Lowers blood pressure

Deep breathing activates your parasympathetic nervous system, slowing your heart rate and dilating blood vessels, all of which lowers blood pressure. It’s an easy, low-impact exercise you can do anywhere that can improve your overall health and help you relax when stress is high.

If you have COPD or asthma, regular breathing exercises may help you breathe more easily. These breathing exercises teach your lungs to expand, which makes it easier for you to get enough oxygen in and out of the lungs.

One type of breathing exercise is called equal breathing or Sama Vritti. This involves taking four equal breaths in and out. You can also try a longer version with eight equal length breaths in and out, or even just counting to ten in and out each time. Performing this type of breathing exercise regularly can reduce anxiety and improve focus, and it’s even used by the Navy Seals! It’s the easiest way to clear your mind and balance your body.

Helps you sleep

Shallow breathing at night can interfere with your sleep, leading to a lack of quality rest and contributing to snoring. It may also be a sign of a sleep disorder like sleep apnea.

Practicing deep breathing exercises can help you relax and sleep better. Breathing exercise stimulates your parasympathetic nervous system to calm the sympathetic nervous system, which helps you fall asleep.

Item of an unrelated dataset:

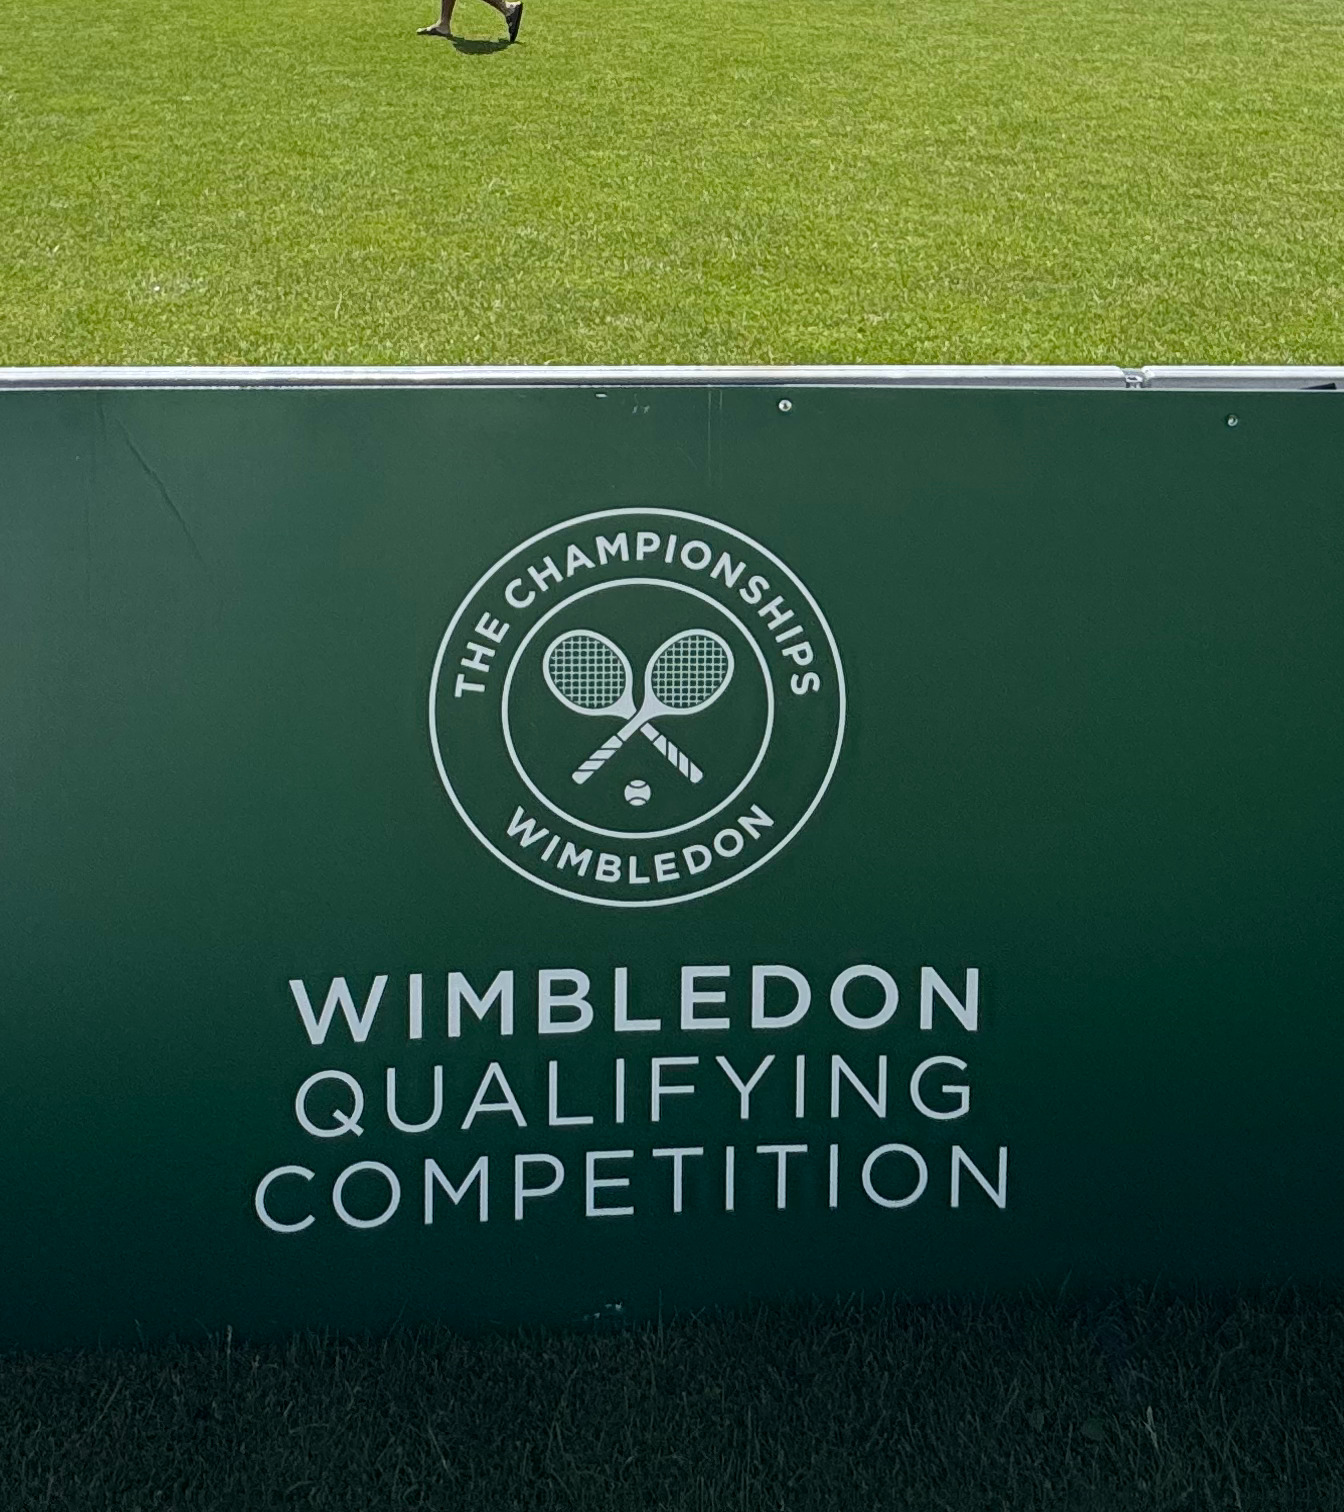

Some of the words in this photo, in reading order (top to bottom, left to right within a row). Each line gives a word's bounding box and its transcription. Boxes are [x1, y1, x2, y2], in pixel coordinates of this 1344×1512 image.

One simple breathing technique to try is 4-7-8 breathing, which involves breathing deeply into your belly and rib cage for four seconds and exhaling slowly for seven counts. This ratio has been shown to lower your systolic blood pressure and decrease your heart rate, which helps you fall asleep faster. If you’re new to the practice, you can start with a shorter count on each inhale and exhale, and then increase gradually as your comfort level increases. This breathing pattern can be done lying down or sitting up, but you should always breathe through your nose.